I'd like the data below restated word for word, with the pictures left out.
(Provided records begins)
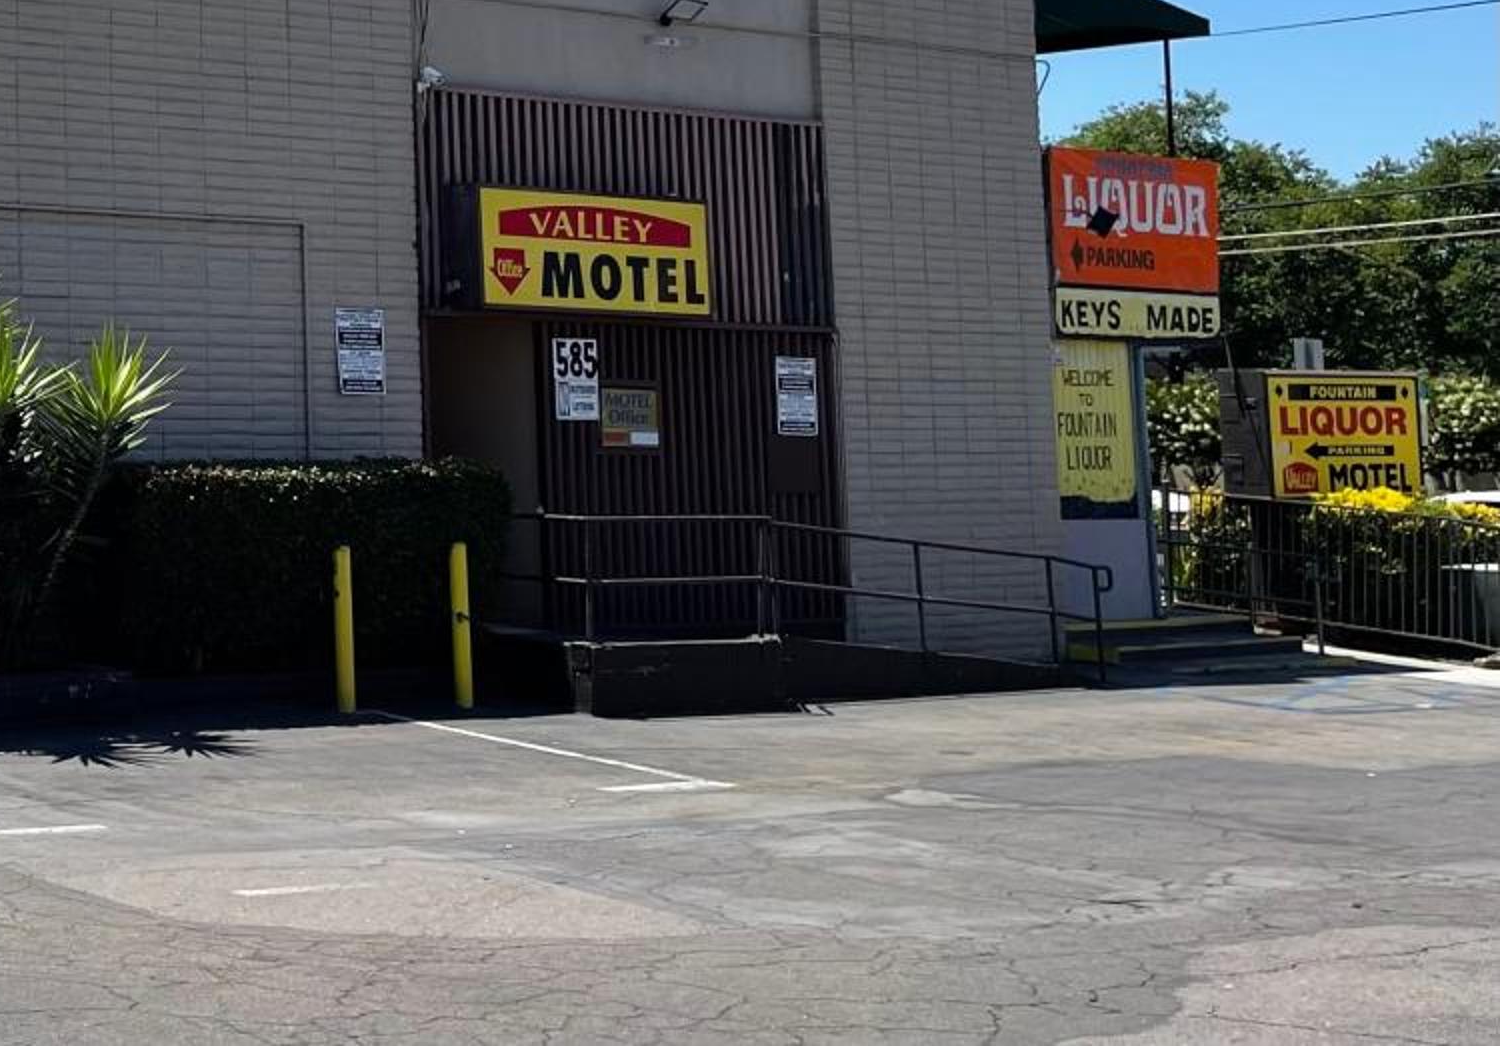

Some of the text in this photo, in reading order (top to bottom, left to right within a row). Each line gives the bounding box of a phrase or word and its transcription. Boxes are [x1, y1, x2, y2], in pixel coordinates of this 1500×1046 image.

[1062, 173, 1209, 237] LIQUOR
[529, 210, 652, 243] VALLEY
[1086, 246, 1155, 269] PARKING
[541, 250, 705, 305] MOTEL
[1061, 299, 1214, 334] KEYS MADE
[556, 341, 598, 379] 585
[1061, 368, 1116, 387] WELCOME
[1309, 385, 1377, 399] FOUNTAIN
[1079, 393, 1094, 407] TO
[1057, 411, 1117, 438] FOUNTAIN
[1279, 405, 1407, 436] LIQUOR
[1065, 445, 1113, 471] LIQUOR
[1328, 462, 1413, 494] MOTEL
(Provided records ends)
Output for this exercise.
Some of the text in this photo, in reading order (top to bottom, left to right within a row). Each line gives the bounding box of a phrase or word and its transcription. Boxes are [x1, y1, x2, y2], in pixel coordinates of this 1500×1046 image.

[1062, 173, 1209, 237] LIQUOR
[529, 210, 652, 243] VALLEY
[1086, 246, 1155, 269] PARKING
[541, 250, 705, 305] MOTEL
[1061, 299, 1214, 334] KEYS MADE
[556, 341, 598, 379] 585
[1061, 368, 1116, 387] WELCOME
[1309, 385, 1377, 399] FOUNTAIN
[1079, 393, 1094, 407] TO
[1057, 411, 1117, 438] FOUNTAIN
[1279, 405, 1407, 436] LIQUOR
[1065, 445, 1113, 471] LIQUOR
[1328, 462, 1413, 494] MOTEL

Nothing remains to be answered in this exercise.